__The problem__.
Please return each line of the listing below exactly as written.
::::::::
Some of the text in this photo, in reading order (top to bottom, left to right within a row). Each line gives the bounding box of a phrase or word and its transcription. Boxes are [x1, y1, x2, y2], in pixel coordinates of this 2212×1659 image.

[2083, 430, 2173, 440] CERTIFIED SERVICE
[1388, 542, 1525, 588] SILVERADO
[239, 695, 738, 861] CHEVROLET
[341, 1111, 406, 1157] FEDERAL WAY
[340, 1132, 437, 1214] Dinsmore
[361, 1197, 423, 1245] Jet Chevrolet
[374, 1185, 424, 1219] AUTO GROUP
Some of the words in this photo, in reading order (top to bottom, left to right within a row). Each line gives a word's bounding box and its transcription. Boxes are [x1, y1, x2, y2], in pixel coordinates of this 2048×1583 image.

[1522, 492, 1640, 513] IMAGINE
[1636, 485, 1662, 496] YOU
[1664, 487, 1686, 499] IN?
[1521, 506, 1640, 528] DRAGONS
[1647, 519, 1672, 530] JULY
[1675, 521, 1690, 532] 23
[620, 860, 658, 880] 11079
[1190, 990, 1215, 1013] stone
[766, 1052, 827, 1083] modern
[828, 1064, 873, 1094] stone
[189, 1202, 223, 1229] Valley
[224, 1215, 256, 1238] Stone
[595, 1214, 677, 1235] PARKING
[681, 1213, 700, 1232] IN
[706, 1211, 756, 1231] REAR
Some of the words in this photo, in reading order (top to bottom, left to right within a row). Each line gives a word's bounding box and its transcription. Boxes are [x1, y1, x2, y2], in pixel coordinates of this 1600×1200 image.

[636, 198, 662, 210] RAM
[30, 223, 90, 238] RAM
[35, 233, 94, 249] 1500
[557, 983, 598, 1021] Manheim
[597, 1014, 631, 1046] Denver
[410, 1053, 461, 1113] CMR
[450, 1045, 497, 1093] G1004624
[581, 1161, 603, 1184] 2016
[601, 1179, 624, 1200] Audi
::::::::
__Task response__.
Some of the text in this photo, in reading order (top to bottom, left to right within a row). Each line gives the bounding box of a phrase or word and its transcription. Boxes are [x1, y1, x2, y2], in pixel coordinates of this 2212×1659 image.

[2083, 430, 2173, 440] CERTIFIED SERVICE
[1388, 542, 1525, 588] SILVERADO
[239, 695, 738, 861] CHEVROLET
[341, 1111, 406, 1157] FEDERAL WAY
[340, 1132, 437, 1214] Dinsmore
[361, 1197, 423, 1245] Jet Chevrolet
[374, 1185, 424, 1219] AUTO GROUP
Some of the words in this photo, in reading order (top to bottom, left to right within a row). Each line gives a word's bounding box and its transcription. Boxes are [x1, y1, x2, y2], in pixel coordinates of this 2048×1583 image.

[1522, 492, 1640, 513] IMAGINE
[1636, 485, 1662, 496] YOU
[1664, 487, 1686, 499] IN?
[1521, 506, 1640, 528] DRAGONS
[1647, 519, 1672, 530] JULY
[1675, 521, 1690, 532] 23
[620, 860, 658, 880] 11079
[1190, 990, 1215, 1013] stone
[766, 1052, 827, 1083] modern
[828, 1064, 873, 1094] stone
[189, 1202, 223, 1229] Valley
[224, 1215, 256, 1238] Stone
[595, 1214, 677, 1235] PARKING
[681, 1213, 700, 1232] IN
[706, 1211, 756, 1231] REAR
Some of the words in this photo, in reading order (top to bottom, left to right within a row). Each line gives a word's bounding box and its transcription. Boxes are [x1, y1, x2, y2], in pixel coordinates of this 1600×1200 image.

[636, 198, 662, 210] RAM
[30, 223, 90, 238] RAM
[35, 233, 94, 249] 1500
[557, 983, 598, 1021] Manheim
[597, 1014, 631, 1046] Denver
[410, 1053, 461, 1113] CMR
[450, 1045, 497, 1093] G1004624
[581, 1161, 603, 1184] 2016
[601, 1179, 624, 1200] Audi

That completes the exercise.